За стенами выл ветер. Кто-то стонал во сне. 

— В чём разница? — спросил я, и если бы не слабость, в голосе прорвалась бы злость. 

— В том, что Бог не торгуется, — ответил монах тихо, будто из глубины колодца. — Иов думал: если он праведен, страдания обойдут его стороной. Но они пришли. И тогда он понял: праведность — не щит. Она просто… правда. А правда не защищает. Она просто есть. 

Я замолчал, вглядываясь в темноту. 

— Значит, всё зря? 

— Нет, — монах кашлянул. — Страдание — не наказание. Оно… как снег. Просто падает. Ты можешь злиться, что замёрз, или понять — ты часть этого холода. 

Я медленно повернулся к нему. 

— Ты хочешь сказать, надо сдаться? 

— Не сдаться, — прошептал он. — Перестать бороться с тем, что больше тебя. Бог… или лагерь… или просто жизнь. Ты не победишь. Но если перестанешь кричать «Почему я?» — может, станет легче. 

Тишина. За стеной охранник щёлкнул затвором. 

— По-твоему, это и есть смирение? — спросил я уже без злости — И в чём тогда разница между отчаянием, смирением и принятием? 

— Отчаяние — это когда ты перестаёшь спрашивать, потому что уверен: ответа нет. Смирение — когда понимаешь, что вопрос был неправильный. 

Снаружи глухо рухнула снежная глыба — будто земля вздохнула. 

— А принятие? — мой голос звучал странно ясно, будто не из этого барака, а откуда-то из прошлого. 

Монах вдруг улыбнулся — впервые за все время нашего знакомства. 

— Принятие — это когда осознаёшь, что страдание никогда не было диалогом. Ты всё это время разговаривал сам с собой. А Бог… Бог просто молчал. 

— Какая разница? Всё равно страдаешь. 

— Разница в том, откуда боль, — приподнялся монах. — Отчаяние — когда болит потому, что мир не такой, как ты хотел. Смирение — когда болит просто потому, что болит. Без вопросов. 

— А принятие? 

Он задумался. 

— Принятие… это когда боль становится частью тебя. Как шрам. Ты его не любишь, но он уже твой. 

— Значит, Иов… 

— Иов сначала отчаивался. Потом смирился. А в конце — принял. 

— Принял что? 

— Что Бог не обязан быть справедливым. 

Тишина. 

— А мы? 

Монах перевернулся на бок. 

— Мы не Иовы. Нам не Бог отвечает. Нам — 58 статья — он захрипел, наверное, когда-то это был смех .. 

Я закрыл глаза. 

— Значит, смирение — это когда перестаёшь ждать пересмотра дела? 

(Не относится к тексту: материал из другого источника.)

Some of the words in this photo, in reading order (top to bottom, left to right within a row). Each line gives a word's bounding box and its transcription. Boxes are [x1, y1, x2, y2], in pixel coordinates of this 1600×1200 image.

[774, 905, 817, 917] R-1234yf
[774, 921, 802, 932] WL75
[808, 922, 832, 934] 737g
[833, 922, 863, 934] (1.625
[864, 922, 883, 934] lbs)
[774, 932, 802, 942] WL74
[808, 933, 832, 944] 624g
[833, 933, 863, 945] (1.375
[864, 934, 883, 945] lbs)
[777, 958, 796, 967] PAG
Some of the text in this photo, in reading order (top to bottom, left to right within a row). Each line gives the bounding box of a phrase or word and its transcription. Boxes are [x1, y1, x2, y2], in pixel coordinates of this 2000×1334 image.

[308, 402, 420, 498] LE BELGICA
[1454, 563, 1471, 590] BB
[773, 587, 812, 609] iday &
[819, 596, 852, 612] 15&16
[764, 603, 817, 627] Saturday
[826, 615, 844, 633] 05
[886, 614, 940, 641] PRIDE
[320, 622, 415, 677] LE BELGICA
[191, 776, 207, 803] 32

— Нет. Смирение — это когда понимаешь: даже если его пересмотрят — тебе от этого не станет легче. 

Снаружи завыла метель. 

— А принятие? 

— Принятие — это когда тебе всё равно, пересмотрят или нет. 

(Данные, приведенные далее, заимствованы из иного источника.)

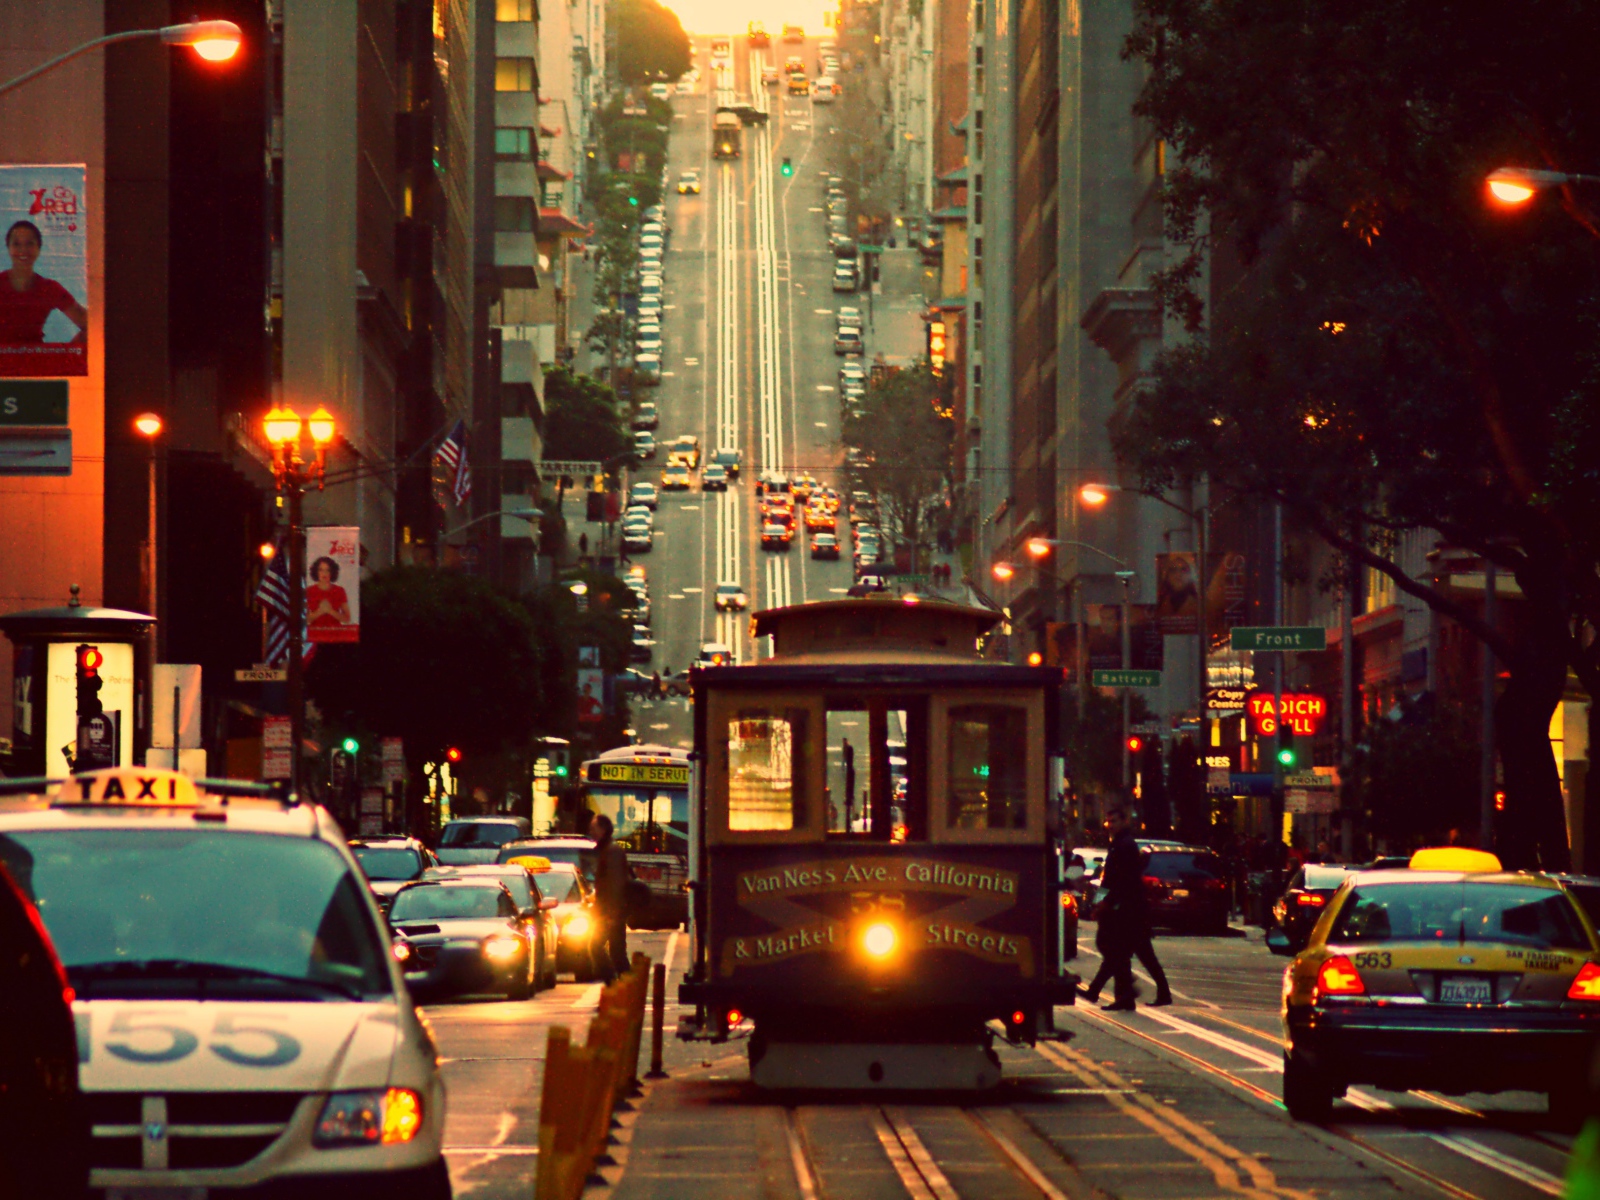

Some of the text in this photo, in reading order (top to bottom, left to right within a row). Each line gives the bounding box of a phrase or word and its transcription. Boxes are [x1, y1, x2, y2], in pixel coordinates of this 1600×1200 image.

[45, 195, 76, 216] Red
[1256, 633, 1300, 645] Front
[243, 671, 278, 679] FRONT
[1102, 674, 1152, 685] Battery
[1217, 689, 1246, 700] Copy
[1208, 699, 1246, 708] Center
[1261, 718, 1312, 732] GLL
[603, 766, 626, 778] NOT
[632, 768, 645, 779] IN
[76, 777, 177, 800] TAXI
[743, 873, 781, 893] Van
[784, 867, 836, 886] Ness
[905, 863, 1014, 894] California
[735, 924, 1019, 958] & Market Streets
[1355, 952, 1392, 969] 563
[1506, 950, 1524, 958] SAN

Я вспомнил молодость. Жаркие кухонные споры с коллегой — Владимиром Иосифовичем Ш., таким же молодым врачом, увлечённым Юнгом, говорившим про Эго, Самость, которую обретаешь, когда умирает  Эго … 

— Получается, принятие приходит, когда умирает гордыня? 

Монах не ответил. 

Я лежал, слушал его ровное дыхание. Думал о Владимире Иосифовиче. Его расстреляли пять лет назад. Как раз за это самое «Ш.» 

… 

Через время я понял, что больше не слышу дыхания монаха. 

Лежал, смотрел, как снег залепляет крохотное окно. 

И вдруг ощутил — ни горя, ни страха. Только невыносимую лёгкость. 

И тишину. Не отсутствие звуков. Ту самую, о которой говорил отец Анатолий. Великое, вселенское безмолвие, в котором, возможно, и был весь ответ.